**TASK INPUTS:**
········

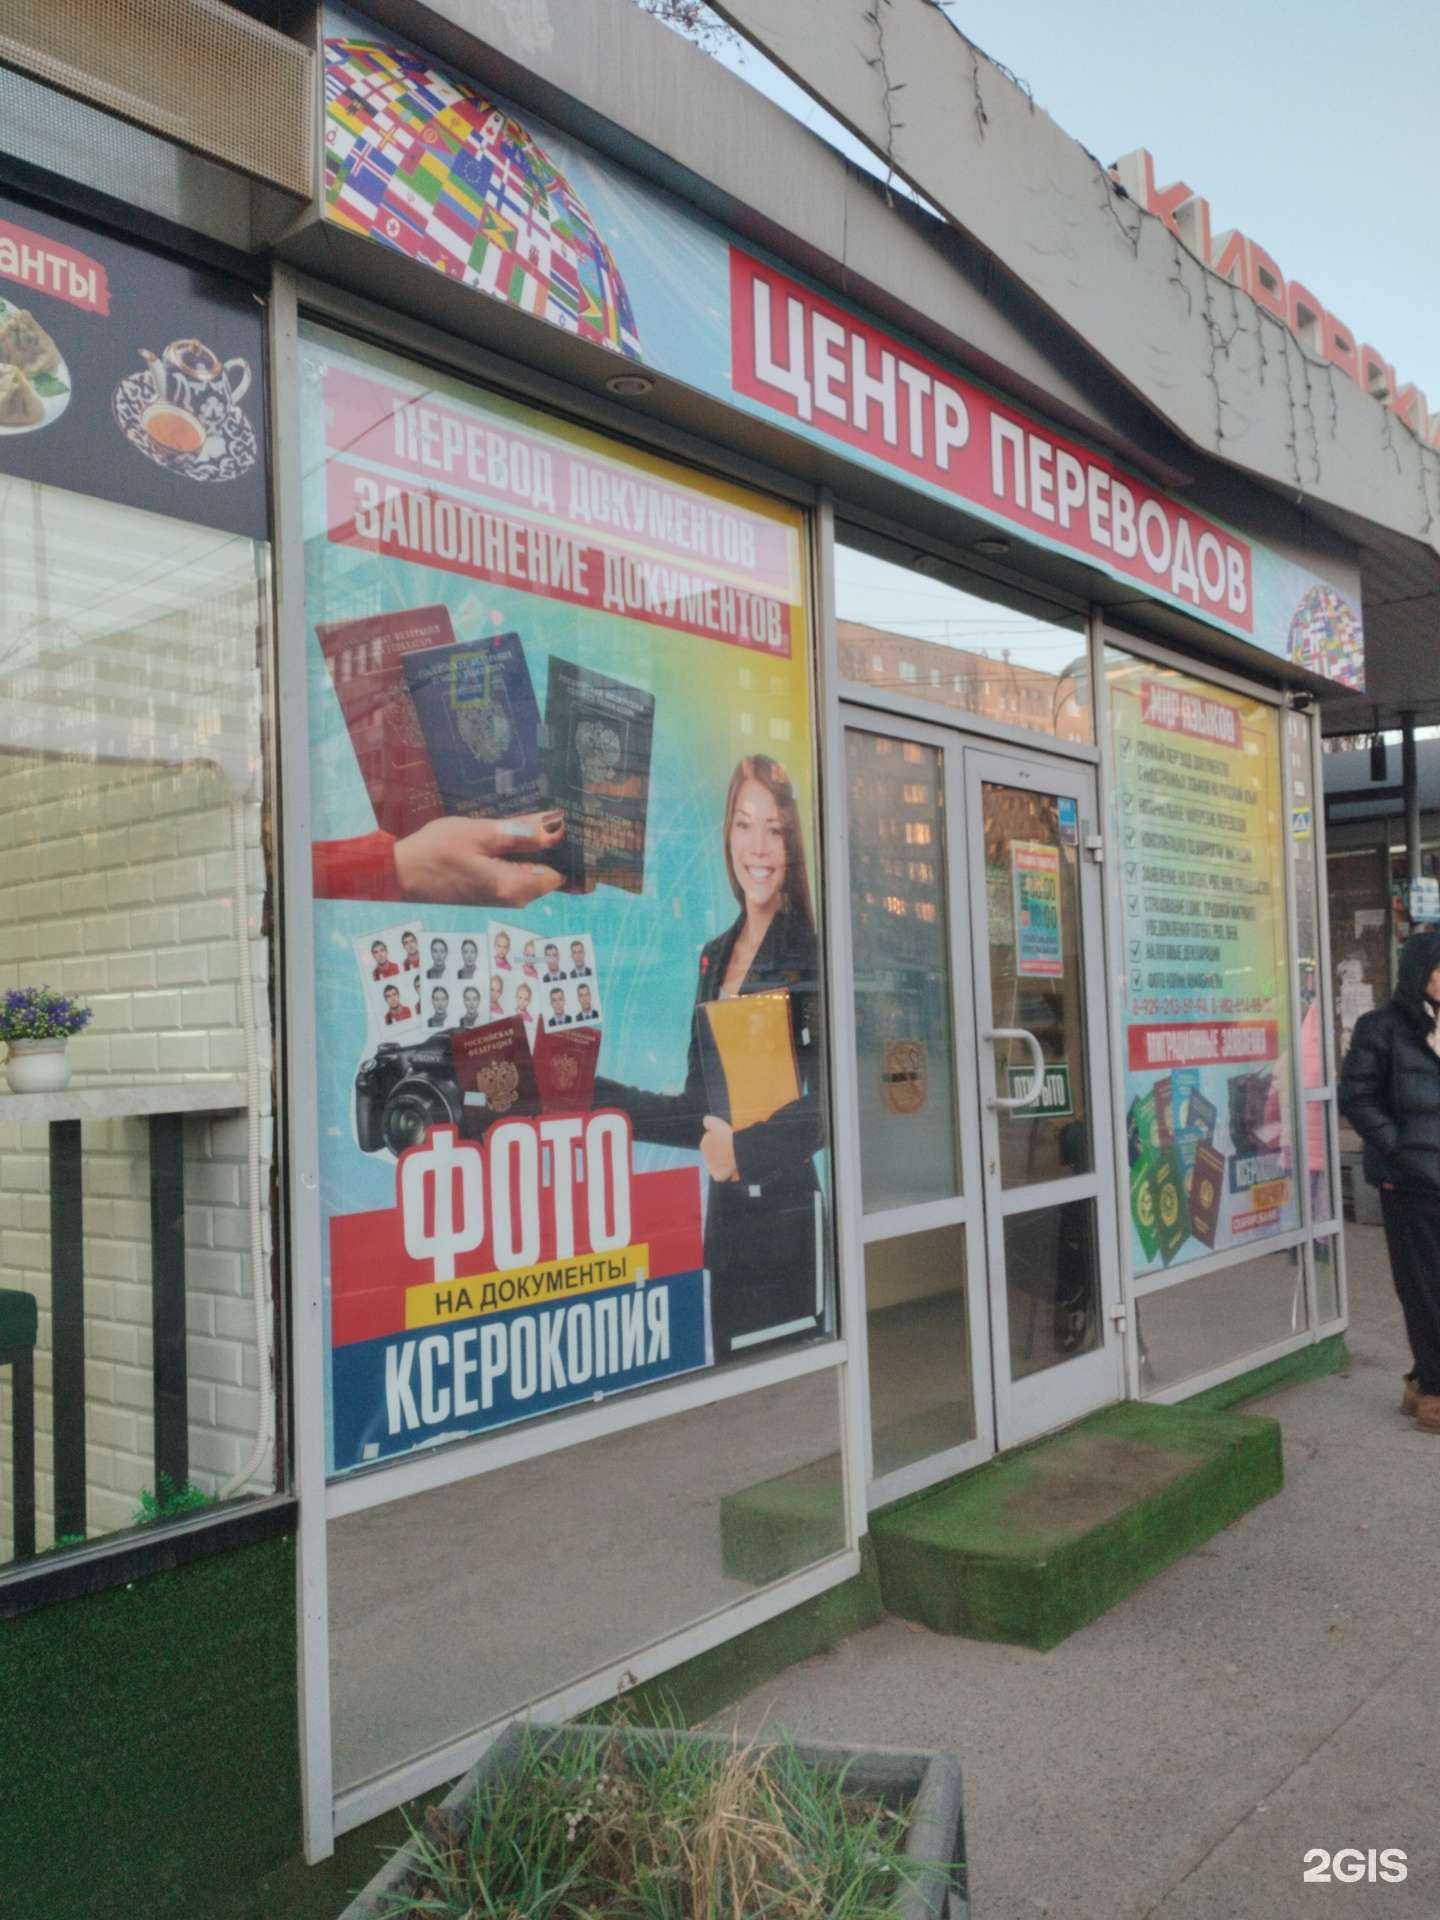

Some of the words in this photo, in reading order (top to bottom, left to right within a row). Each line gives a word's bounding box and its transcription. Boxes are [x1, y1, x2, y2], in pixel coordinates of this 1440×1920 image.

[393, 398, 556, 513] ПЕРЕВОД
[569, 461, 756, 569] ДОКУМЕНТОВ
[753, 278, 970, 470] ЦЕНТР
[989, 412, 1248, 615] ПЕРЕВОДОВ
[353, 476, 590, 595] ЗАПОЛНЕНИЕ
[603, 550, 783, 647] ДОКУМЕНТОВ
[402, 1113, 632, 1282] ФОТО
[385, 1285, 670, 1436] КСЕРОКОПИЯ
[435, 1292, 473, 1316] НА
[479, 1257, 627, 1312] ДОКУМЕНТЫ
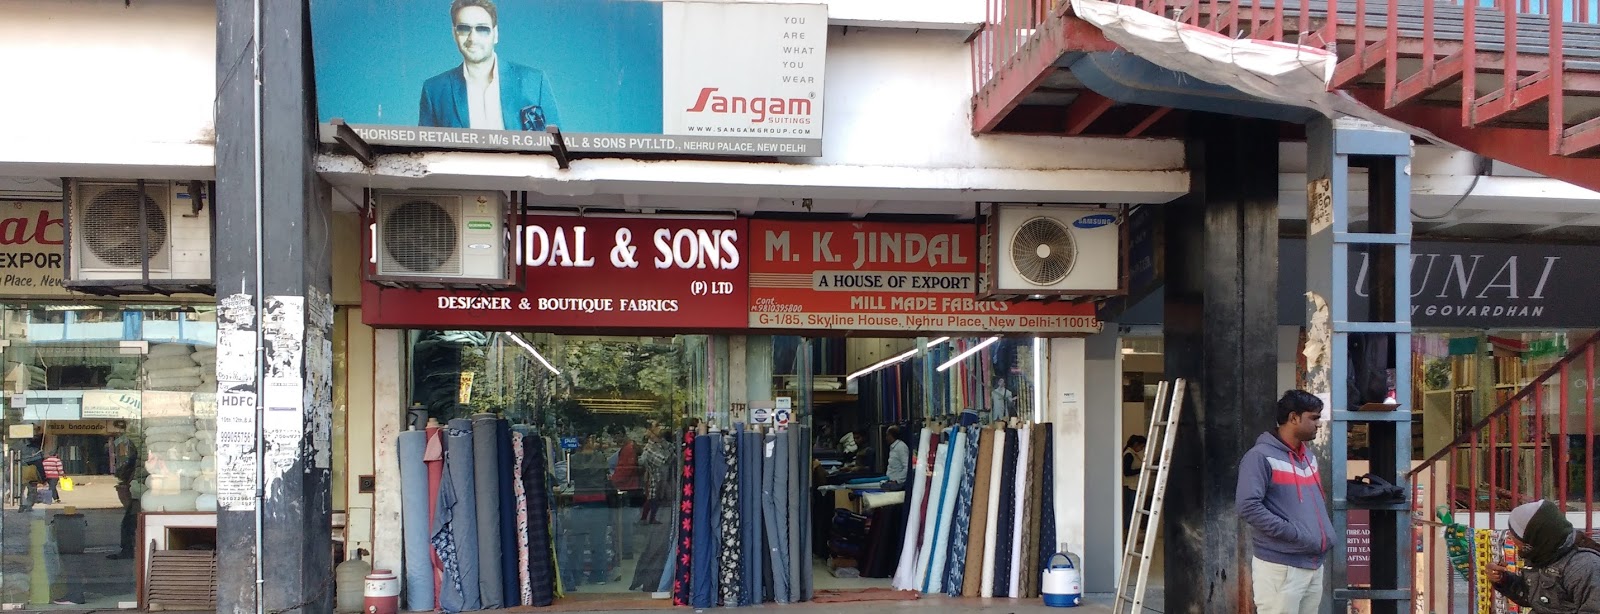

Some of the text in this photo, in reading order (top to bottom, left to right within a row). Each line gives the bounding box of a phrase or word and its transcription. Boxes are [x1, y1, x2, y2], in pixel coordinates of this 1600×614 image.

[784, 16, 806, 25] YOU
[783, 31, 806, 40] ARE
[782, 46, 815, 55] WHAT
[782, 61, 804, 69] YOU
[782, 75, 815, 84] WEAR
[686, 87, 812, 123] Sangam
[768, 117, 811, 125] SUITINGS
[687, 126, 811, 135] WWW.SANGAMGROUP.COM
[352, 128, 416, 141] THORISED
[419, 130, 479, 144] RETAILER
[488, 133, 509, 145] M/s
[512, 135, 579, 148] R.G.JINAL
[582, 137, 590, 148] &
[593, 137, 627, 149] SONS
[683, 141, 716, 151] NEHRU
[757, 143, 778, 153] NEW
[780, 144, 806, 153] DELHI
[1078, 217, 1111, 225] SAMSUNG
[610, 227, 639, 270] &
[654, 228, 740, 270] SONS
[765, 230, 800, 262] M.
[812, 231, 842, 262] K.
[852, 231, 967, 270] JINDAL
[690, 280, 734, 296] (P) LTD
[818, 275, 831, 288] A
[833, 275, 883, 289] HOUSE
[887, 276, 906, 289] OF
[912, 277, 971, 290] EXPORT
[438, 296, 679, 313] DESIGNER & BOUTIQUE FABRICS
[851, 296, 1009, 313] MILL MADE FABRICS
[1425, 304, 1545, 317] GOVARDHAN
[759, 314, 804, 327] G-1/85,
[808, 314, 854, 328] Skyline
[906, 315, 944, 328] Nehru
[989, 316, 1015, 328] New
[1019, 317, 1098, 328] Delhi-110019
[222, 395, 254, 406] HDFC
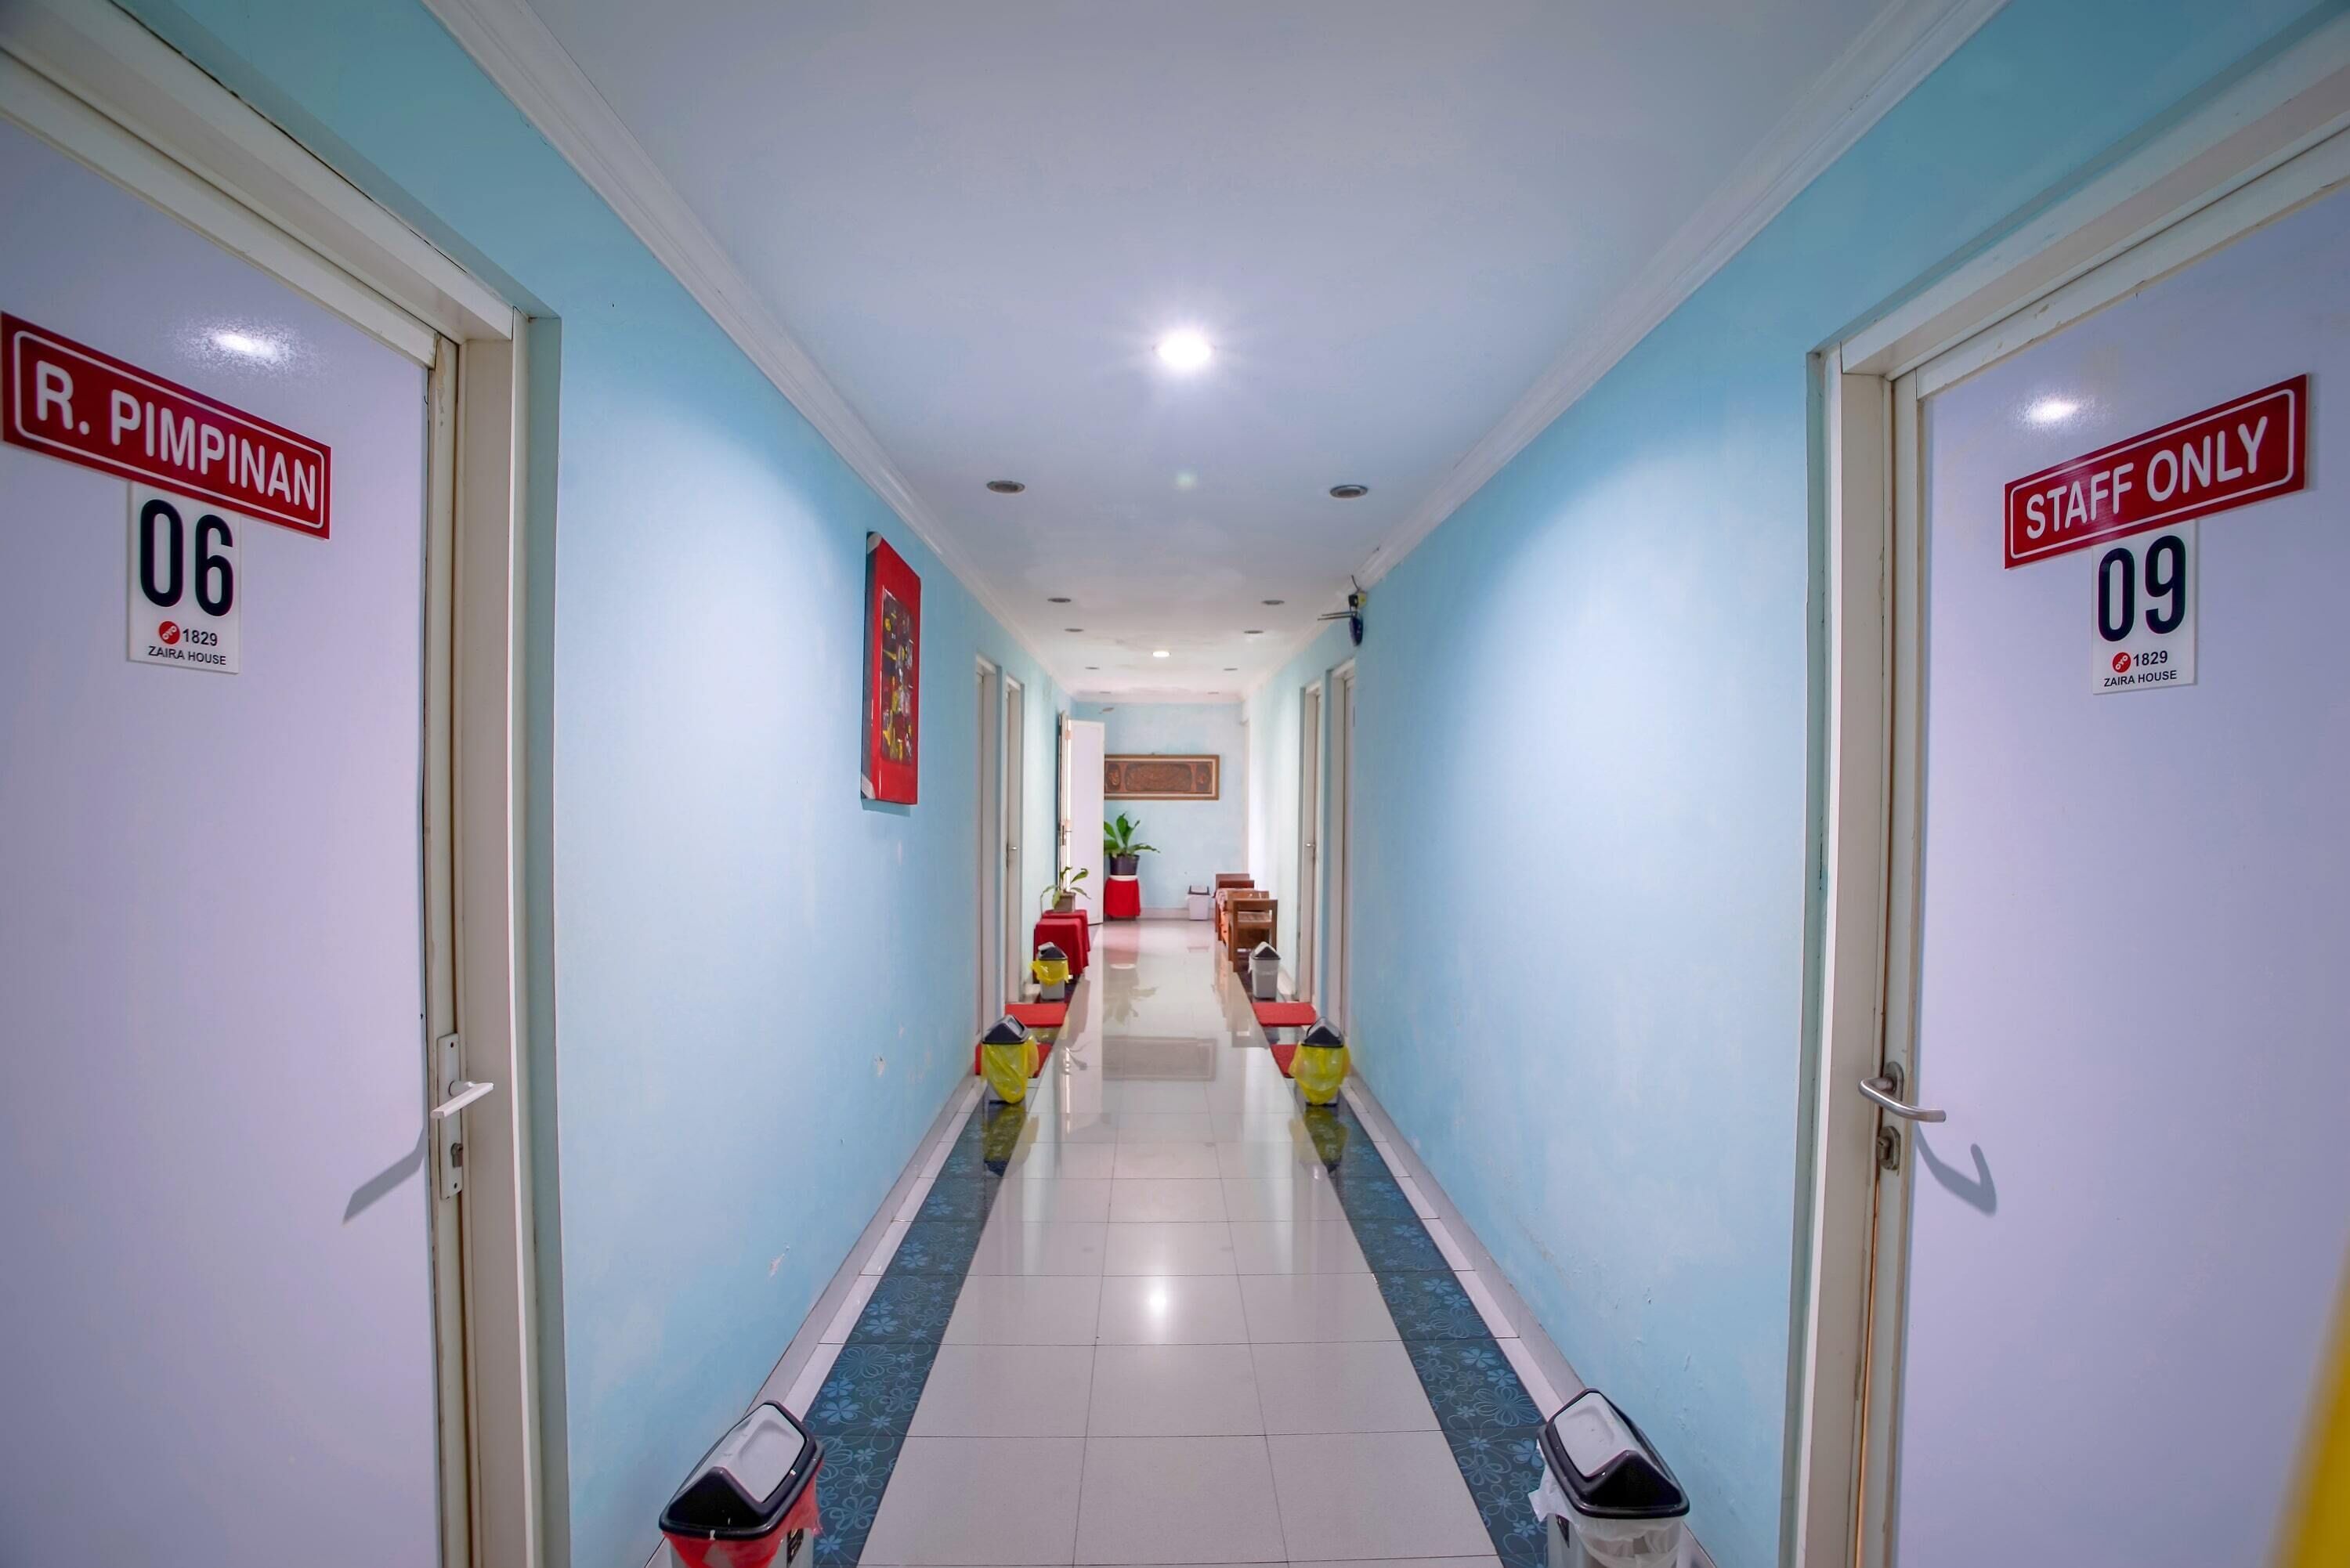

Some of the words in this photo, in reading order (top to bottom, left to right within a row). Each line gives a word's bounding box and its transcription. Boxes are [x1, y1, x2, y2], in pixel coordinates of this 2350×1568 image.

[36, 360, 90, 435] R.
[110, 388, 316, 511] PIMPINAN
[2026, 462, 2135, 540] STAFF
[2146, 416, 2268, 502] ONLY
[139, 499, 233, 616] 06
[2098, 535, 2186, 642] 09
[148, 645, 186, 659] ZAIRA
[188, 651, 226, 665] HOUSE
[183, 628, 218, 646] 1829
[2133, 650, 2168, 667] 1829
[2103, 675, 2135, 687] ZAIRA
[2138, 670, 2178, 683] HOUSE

········

**WHAT IS REQUIRED:** Repeat the listing word for word, omitting the pictures.

**YOUR SOLUTION:**
Some of the words in this photo, in reading order (top to bottom, left to right within a row). Each line gives a word's bounding box and its transcription. Boxes are [x1, y1, x2, y2], in pixel coordinates of this 1440×1920 image.

[393, 398, 556, 513] ПЕРЕВОД
[569, 461, 756, 569] ДОКУМЕНТОВ
[753, 278, 970, 470] ЦЕНТР
[989, 412, 1248, 615] ПЕРЕВОДОВ
[353, 476, 590, 595] ЗАПОЛНЕНИЕ
[603, 550, 783, 647] ДОКУМЕНТОВ
[402, 1113, 632, 1282] ФОТО
[385, 1285, 670, 1436] КСЕРОКОПИЯ
[435, 1292, 473, 1316] НА
[479, 1257, 627, 1312] ДОКУМЕНТЫ

Some of the text in this photo, in reading order (top to bottom, left to right within a row). Each line gives the bounding box of a phrase or word and its transcription. Boxes are [x1, y1, x2, y2], in pixel coordinates of this 1600×614 image.

[784, 16, 806, 25] YOU
[783, 31, 806, 40] ARE
[782, 46, 815, 55] WHAT
[782, 61, 804, 69] YOU
[782, 75, 815, 84] WEAR
[686, 87, 812, 123] Sangam
[768, 117, 811, 125] SUITINGS
[687, 126, 811, 135] WWW.SANGAMGROUP.COM
[352, 128, 416, 141] THORISED
[419, 130, 479, 144] RETAILER
[488, 133, 509, 145] M/s
[512, 135, 579, 148] R.G.JINAL
[582, 137, 590, 148] &
[593, 137, 627, 149] SONS
[683, 141, 716, 151] NEHRU
[757, 143, 778, 153] NEW
[780, 144, 806, 153] DELHI
[1078, 217, 1111, 225] SAMSUNG
[610, 227, 639, 270] &
[654, 228, 740, 270] SONS
[765, 230, 800, 262] M.
[812, 231, 842, 262] K.
[852, 231, 967, 270] JINDAL
[690, 280, 734, 296] (P) LTD
[818, 275, 831, 288] A
[833, 275, 883, 289] HOUSE
[887, 276, 906, 289] OF
[912, 277, 971, 290] EXPORT
[438, 296, 679, 313] DESIGNER & BOUTIQUE FABRICS
[851, 296, 1009, 313] MILL MADE FABRICS
[1425, 304, 1545, 317] GOVARDHAN
[759, 314, 804, 327] G-1/85,
[808, 314, 854, 328] Skyline
[906, 315, 944, 328] Nehru
[989, 316, 1015, 328] New
[1019, 317, 1098, 328] Delhi-110019
[222, 395, 254, 406] HDFC

Some of the words in this photo, in reading order (top to bottom, left to right within a row). Each line gives a word's bounding box and its transcription. Boxes are [x1, y1, x2, y2], in pixel coordinates of this 2350×1568 image.

[36, 360, 90, 435] R.
[110, 388, 316, 511] PIMPINAN
[2026, 462, 2135, 540] STAFF
[2146, 416, 2268, 502] ONLY
[139, 499, 233, 616] 06
[2098, 535, 2186, 642] 09
[148, 645, 186, 659] ZAIRA
[188, 651, 226, 665] HOUSE
[183, 628, 218, 646] 1829
[2133, 650, 2168, 667] 1829
[2103, 675, 2135, 687] ZAIRA
[2138, 670, 2178, 683] HOUSE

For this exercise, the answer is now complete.